My sincere hope is that Dietrich von Hildebrand will one day be named a Doctor of the Church. On a personal note, his Liturgy and Personality had a significant influence upon me as an Anglican priest and was part of the intellectual basis of my conversion to a fuller understanding of Christianity as taught by Catholic Church. I recommend books by von Hildebrand with great frequency, but for those who do not read German only part of his work is translated into English.  Some of the translation work is due to John Henry Crosby's excellent Dietrich von Hildebrand Legacy non-profit project.

This splendid website is well worth your visit -- Dietrich von Hildebrand Legacy -- and  a good article about it by Zenit is posted this week entitled Dietrich von Hildebrand: Giving the Heart Its Due (Part One). The man responsible for this apostolate John Henry Crosby developed the project in association with Dr. Alice von Hildebrand. I am very interested in the project and making his teaching more widely read among all Christians.  I look forward to reading Part Two!

Below are a few paragraphs from one of Crosby's responses that I found very interesting:

Our mission statement says we are inspired by the need to recover and reinterpret and translate our intellectual patrimony, and at the same time we operate with a great spirit of gratitude toward contemporary thinkers. Phenomenology has classical roots, but it's also a modern movement within philosophy. We're often assumed that new insights can't be had; that sometimes happens with traditionalists who think that the last word on an issue has been said. I don't want to single them out, but you get that with Thomists sometimes because there is a system with Aquinas.

Von Hildebrand reminds that we can always move forward; it doesn’t mean that we are throwing everything else out but there are questions that are distinctive to a period in time, just as there are questions that arise in every generation. I don't think John Paul II built his papacy on the idea that nothing had changed since 1100. Sometimes we don't like to use the expression "the history of ethics," but there has been a slow-growing, and in some ways relentless, process of greater illumination. I think personalism is built around the idea that historically there is a new and deeper understanding and appreciation for what it means to be a person.

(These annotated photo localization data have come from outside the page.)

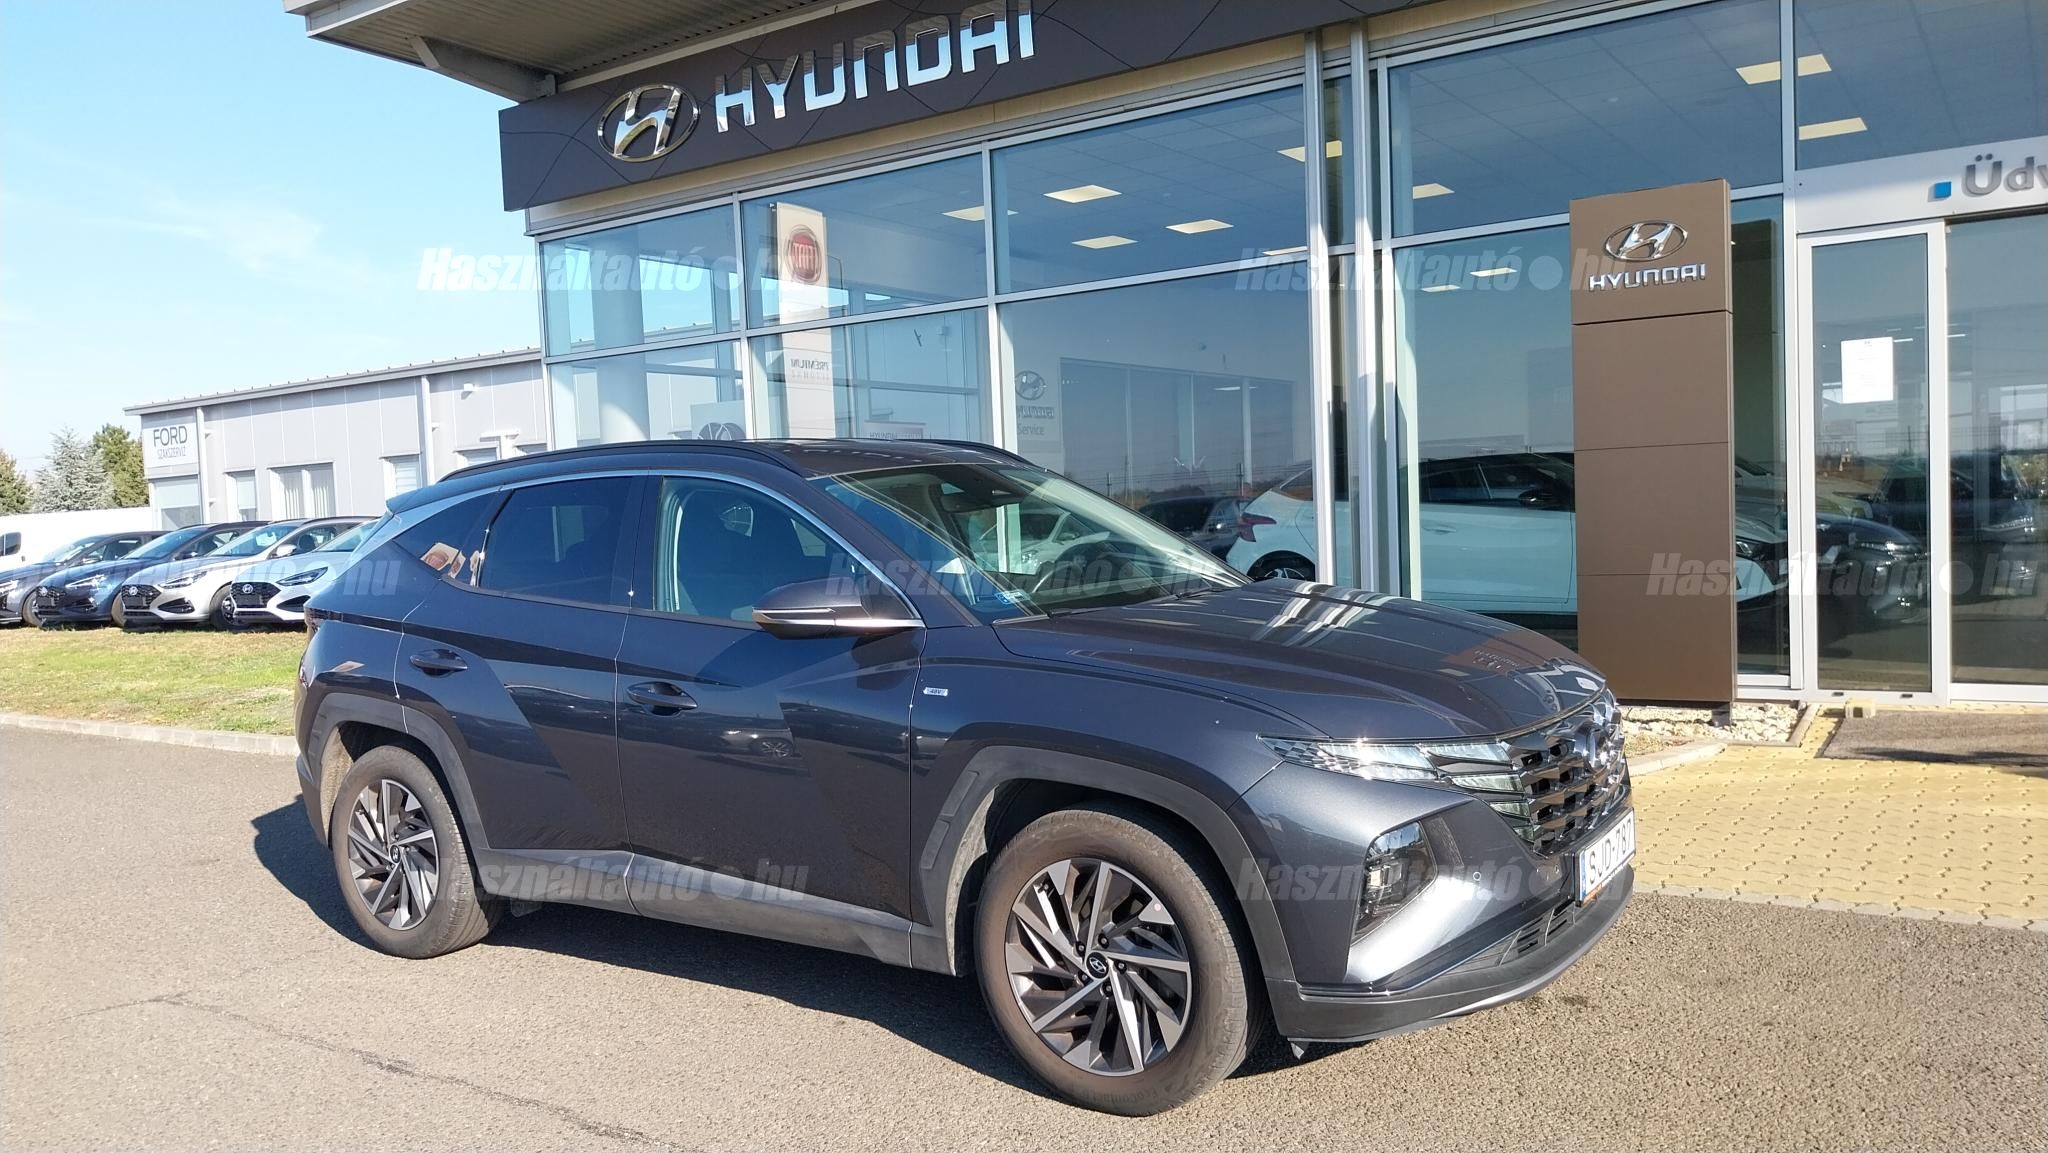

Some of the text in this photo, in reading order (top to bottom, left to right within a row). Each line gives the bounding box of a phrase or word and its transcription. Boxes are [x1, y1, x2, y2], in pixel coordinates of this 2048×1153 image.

[715, 0, 1034, 132] HYUNDAI
[1588, 263, 1706, 292] HYUNDAI
[153, 425, 188, 447] FORD
[1588, 817, 1632, 886] SJD-787
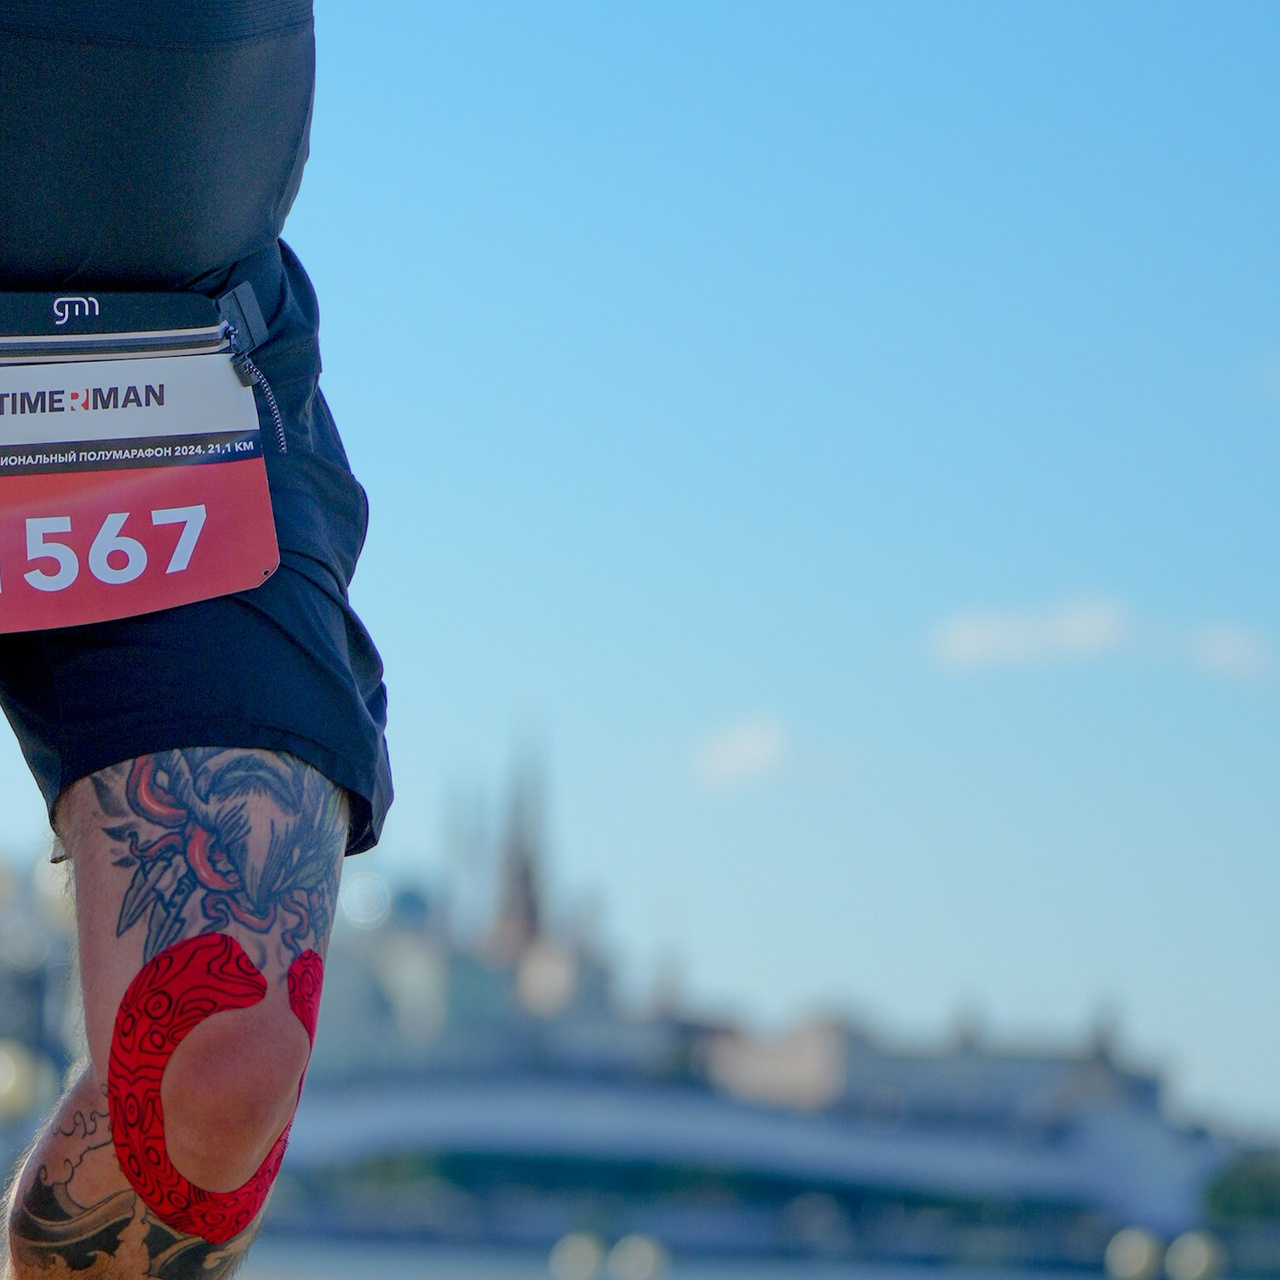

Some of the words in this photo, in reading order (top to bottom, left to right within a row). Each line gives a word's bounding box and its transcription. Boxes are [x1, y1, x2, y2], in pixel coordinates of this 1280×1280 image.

I happen to also think that personalism is a very useful way to engage modern issues because personalists love notions such as freedom, which puts them in a strong position to talk to people who are perhaps confused about freedom, like with the gay rights movement. A personalist has a great language to use, you can understand their intuition, but you are also rooted in fundamental concepts like human nature, which they don’t have; the general liberal problem is the belief that the human is just an atomized individual who doesn’t want to accept any limitation. Human nature is a limitation so you don’t want it, you want everything to be subject to your freedom. Personalists understand that intuition but they also understand that our freedom is finite.

Coming to an understanding of von Hildebrand's oeuvre will of course be tremendously helpful in understanding the personalist principle or rather the 'personalism' of Pope John Paul II -- whose thought is so heavily influenced by von Hildebrand.
+Laus Deo!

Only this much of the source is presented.